[Phrase grounding data]
----------------

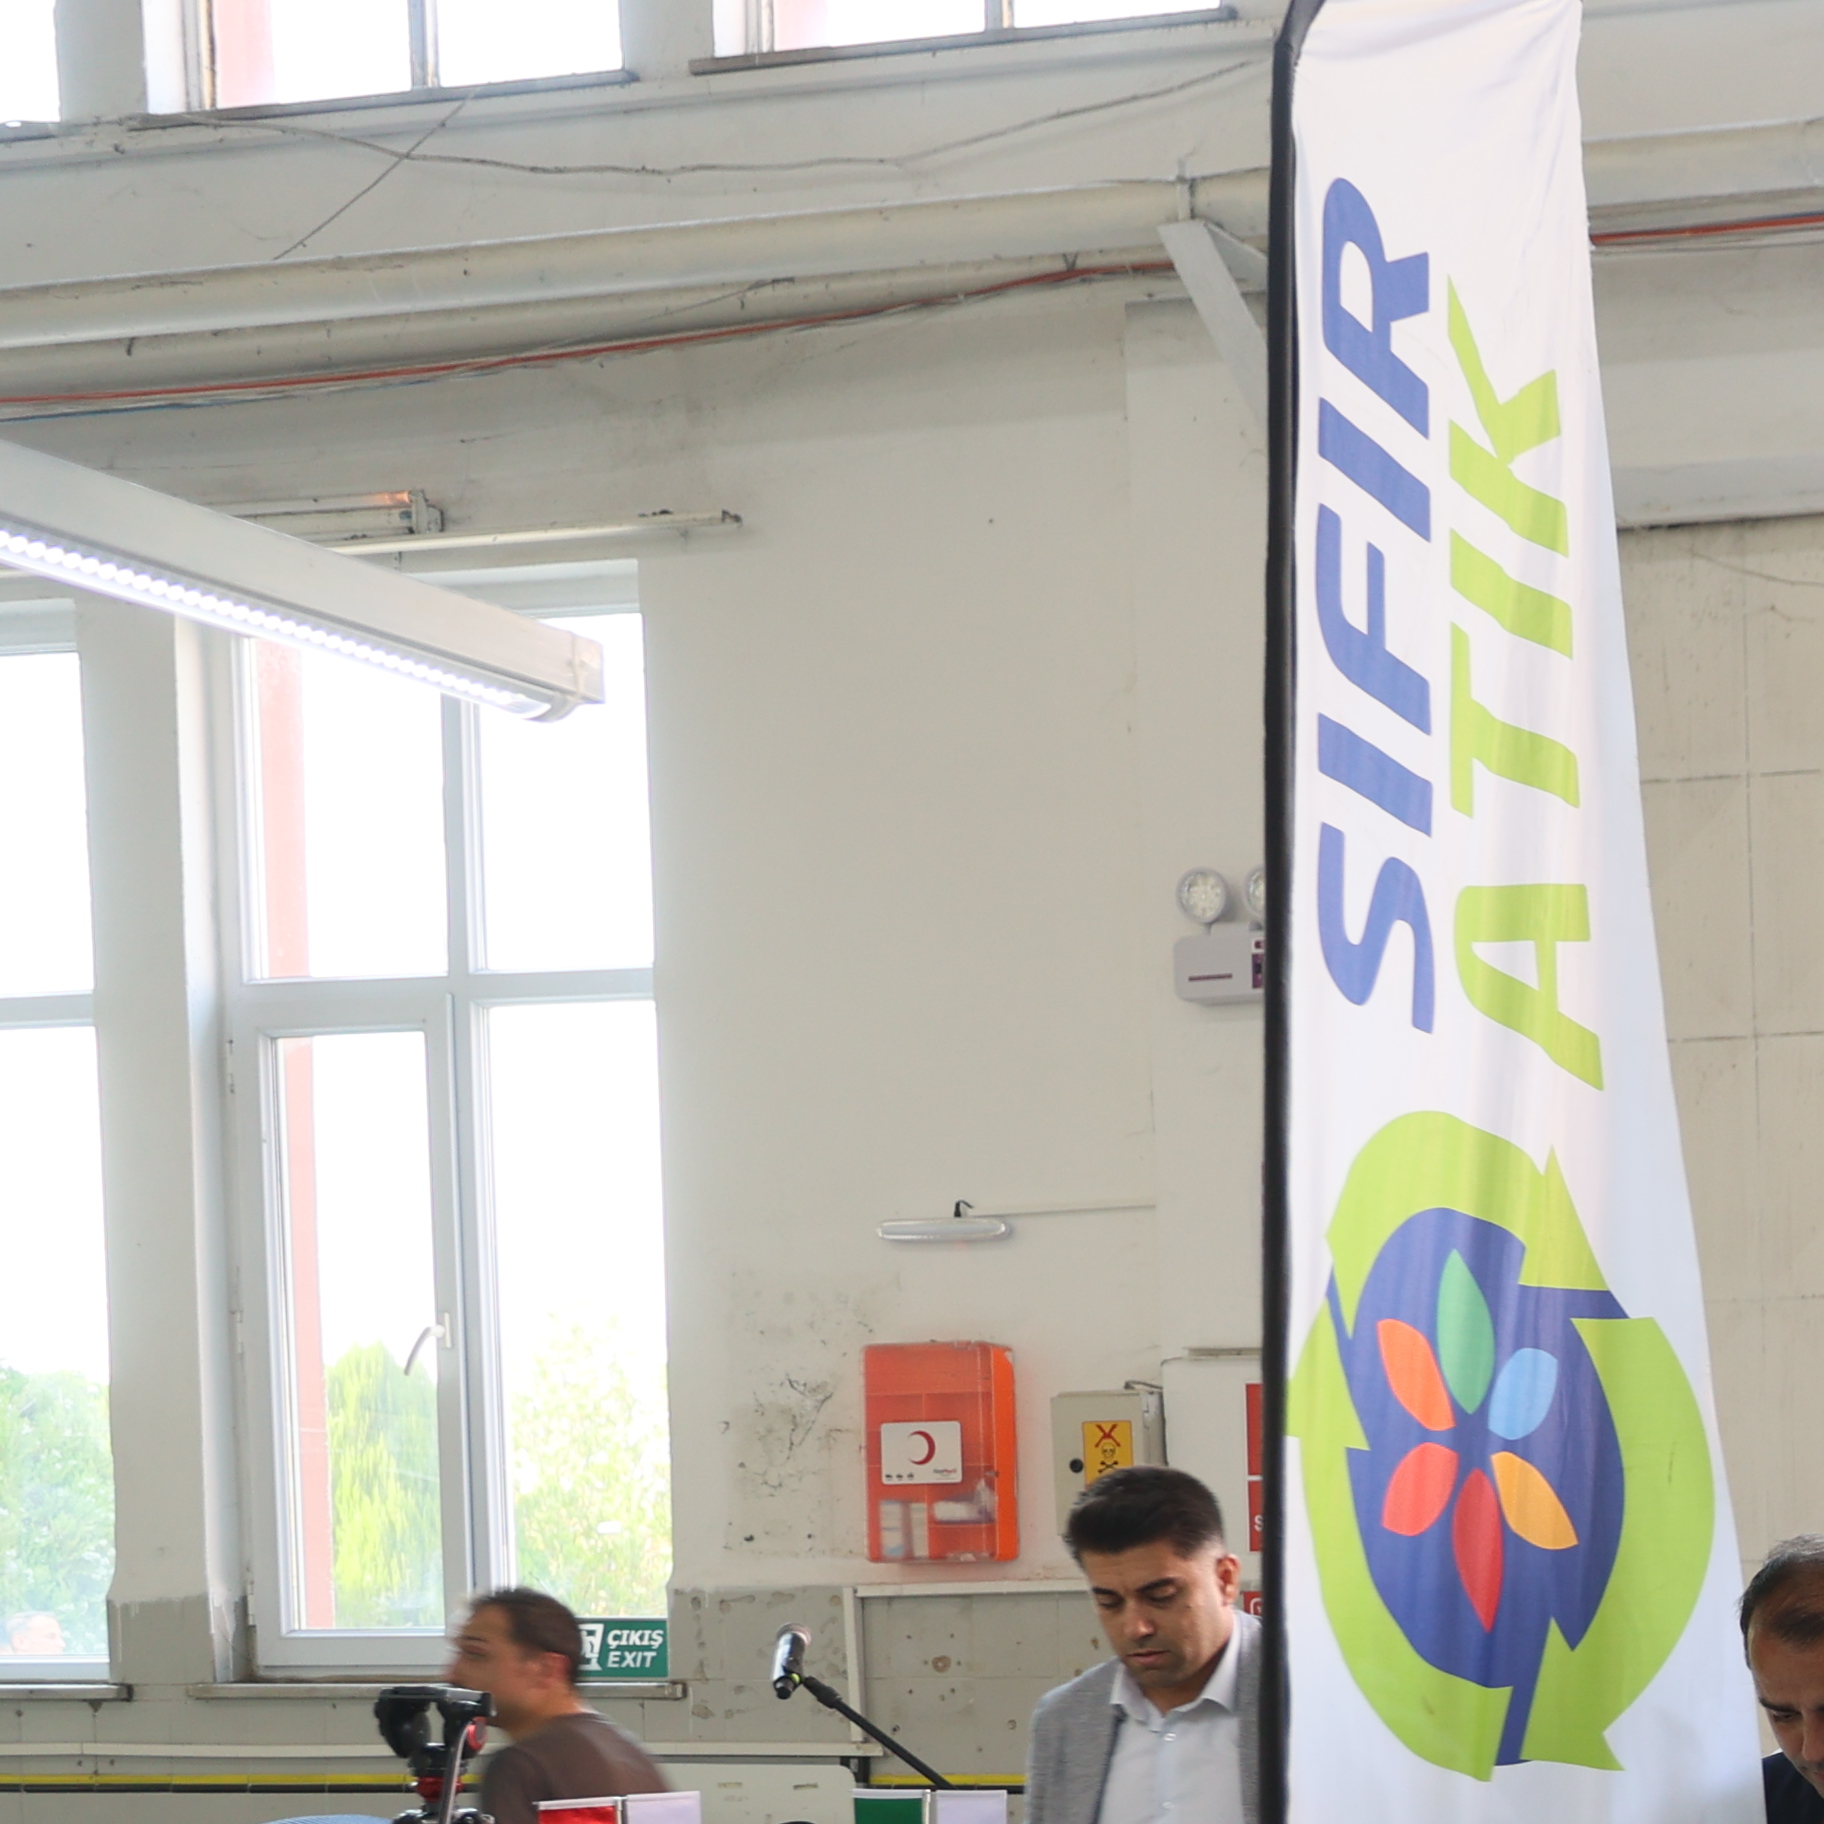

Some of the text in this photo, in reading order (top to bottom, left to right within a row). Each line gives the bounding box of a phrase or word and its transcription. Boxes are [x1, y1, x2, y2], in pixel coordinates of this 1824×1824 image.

[1317, 178, 1434, 1033] SIFIR
[1448, 274, 1603, 1091] ATIK
[606, 1629, 664, 1649] ÇIKIŞ
[606, 1650, 657, 1668] EXIT
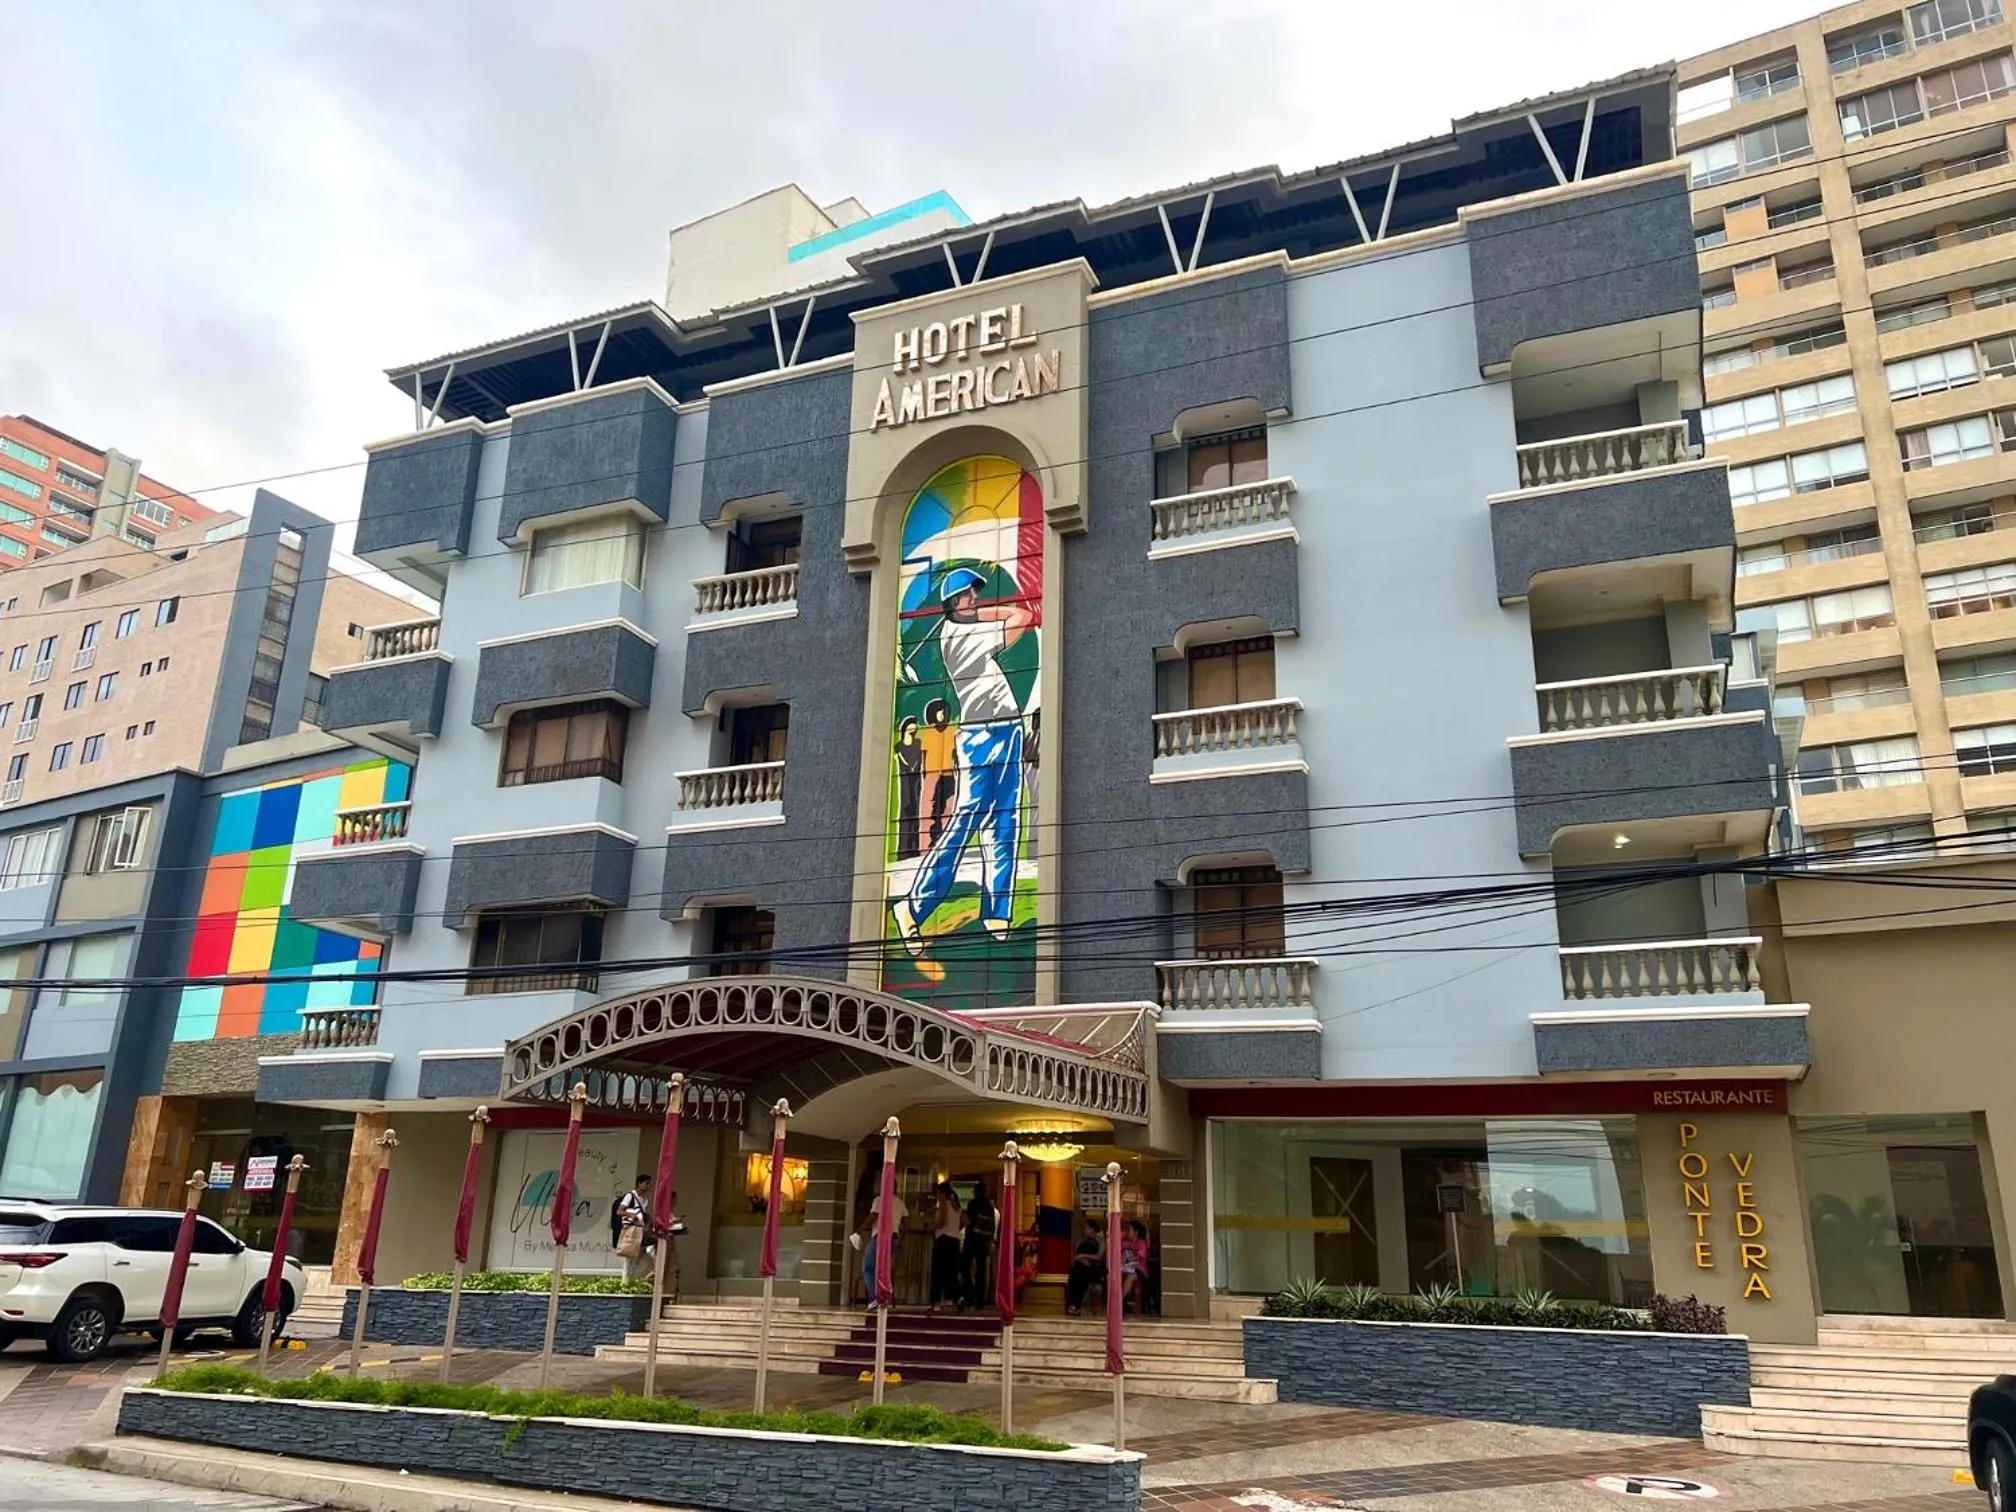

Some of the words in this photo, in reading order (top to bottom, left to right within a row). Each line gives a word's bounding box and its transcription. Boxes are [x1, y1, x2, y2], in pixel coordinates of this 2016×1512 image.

[893, 303, 1037, 375] HOTEL
[870, 349, 1061, 433] AMERICAN
[1653, 1089, 1774, 1106] RESTAURANTE
[577, 1148, 608, 1164] eauty
[1679, 1123, 1715, 1269] PONTE
[1728, 1152, 1772, 1299] VEDRA
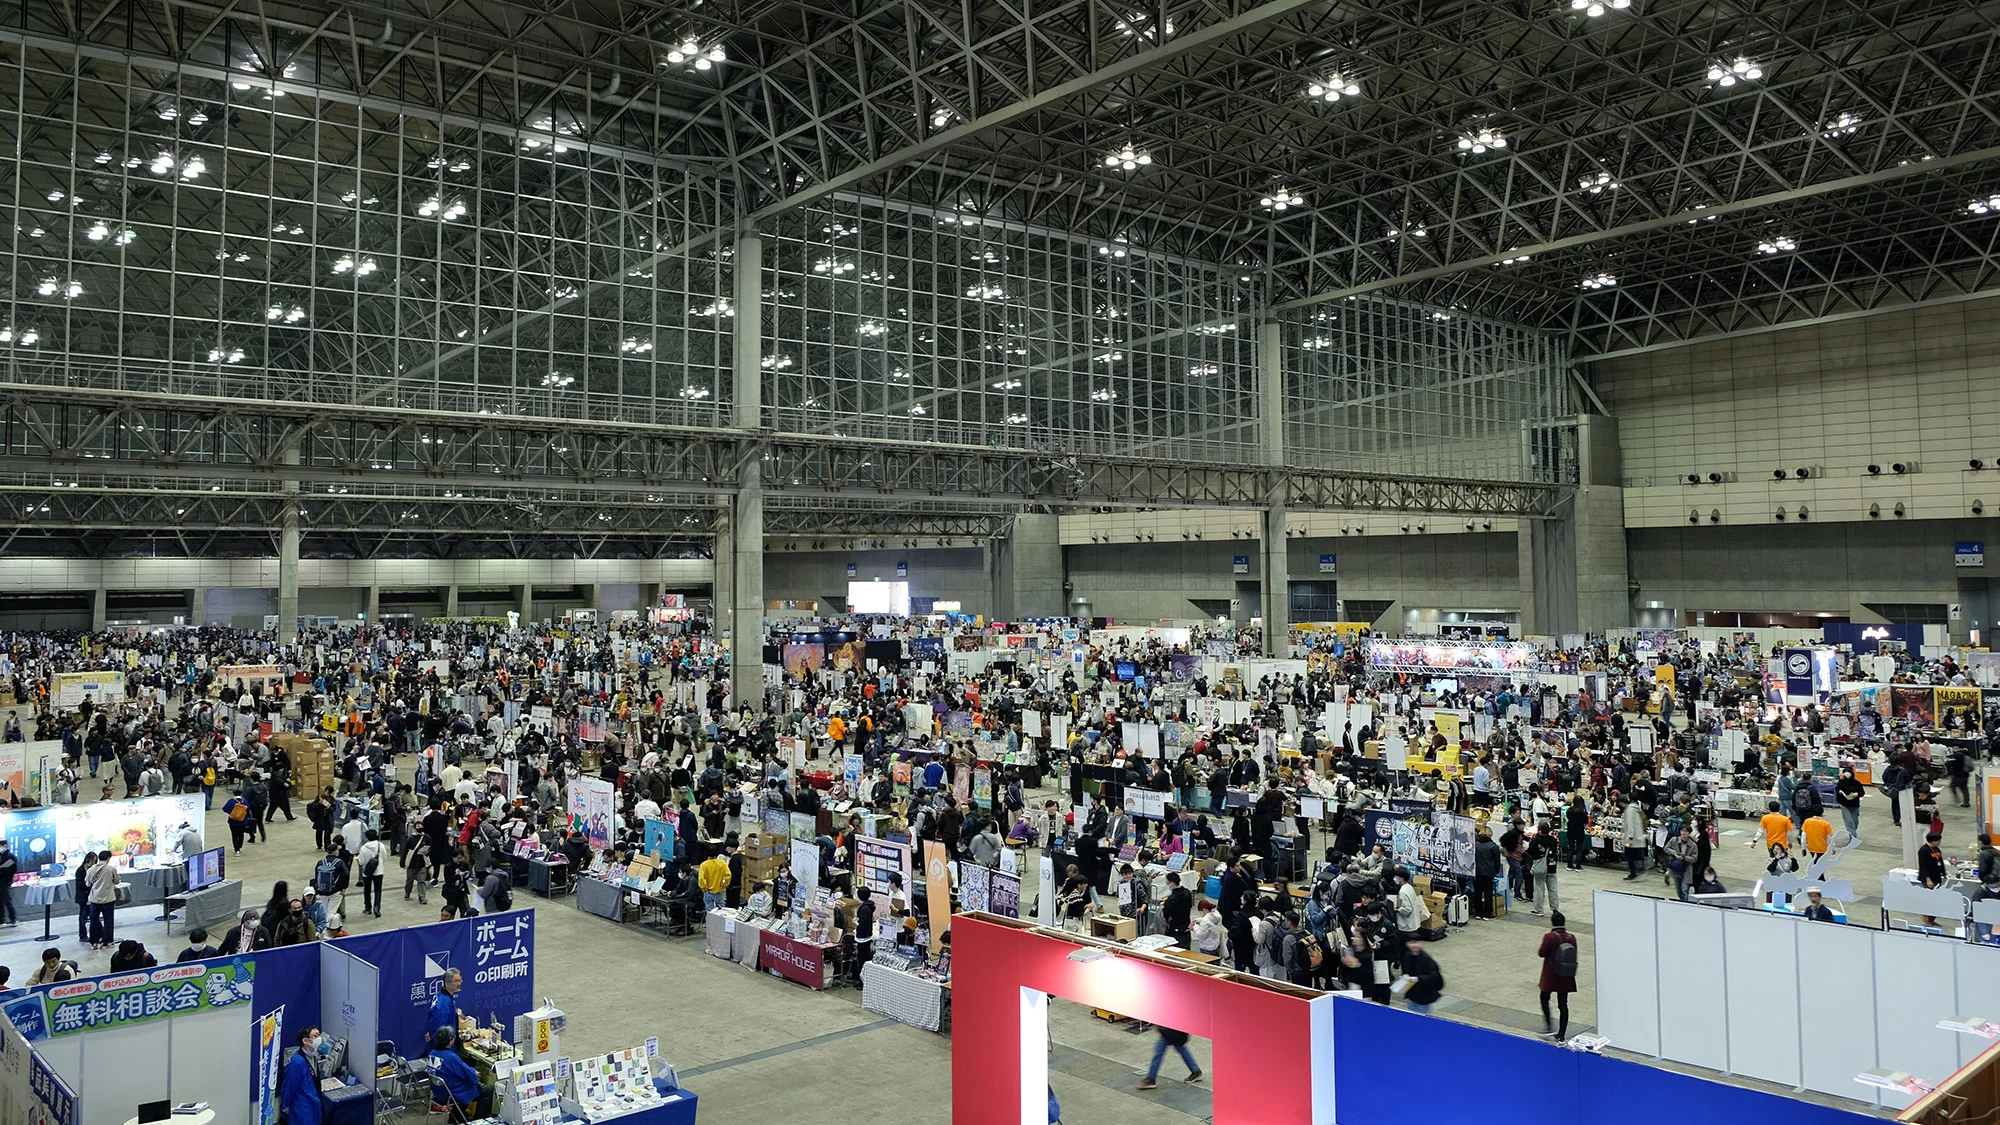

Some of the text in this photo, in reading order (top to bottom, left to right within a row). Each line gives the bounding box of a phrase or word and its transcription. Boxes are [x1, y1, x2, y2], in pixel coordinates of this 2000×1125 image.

----------------

**YOUR ASSIGNMENT:** Make an exact copy of the records above. Keep out every picture.

**RESULT:**
Some of the text in this photo, in reading order (top to bottom, left to right within a row). Each line gives the bounding box of a phrase or word and its transcription. Boxes are [x1, y1, x2, y2], in pixel coordinates of this 1824×1824 image.

[1317, 178, 1434, 1033] SIFIR
[1448, 274, 1603, 1091] ATIK
[606, 1629, 664, 1649] ÇIKIŞ
[606, 1650, 657, 1668] EXIT

Some of the words in this photo, in reading order (top to bottom, left to right within a row). Each line gives a word's bounding box and its transcription. Boxes are [x1, y1, x2, y2], in pixel coordinates of this 2016×1512 image.

[893, 303, 1037, 375] HOTEL
[870, 349, 1061, 433] AMERICAN
[1653, 1089, 1774, 1106] RESTAURANTE
[577, 1148, 608, 1164] eauty
[1679, 1123, 1715, 1269] PONTE
[1728, 1152, 1772, 1299] VEDRA

Some of the text in this photo, in reading order (top to bottom, left to right within a row). Each line gives the bounding box of a phrase or word and its transcription. Boxes are [x1, y1, x2, y2], in pixel coordinates of this 2000×1125 image.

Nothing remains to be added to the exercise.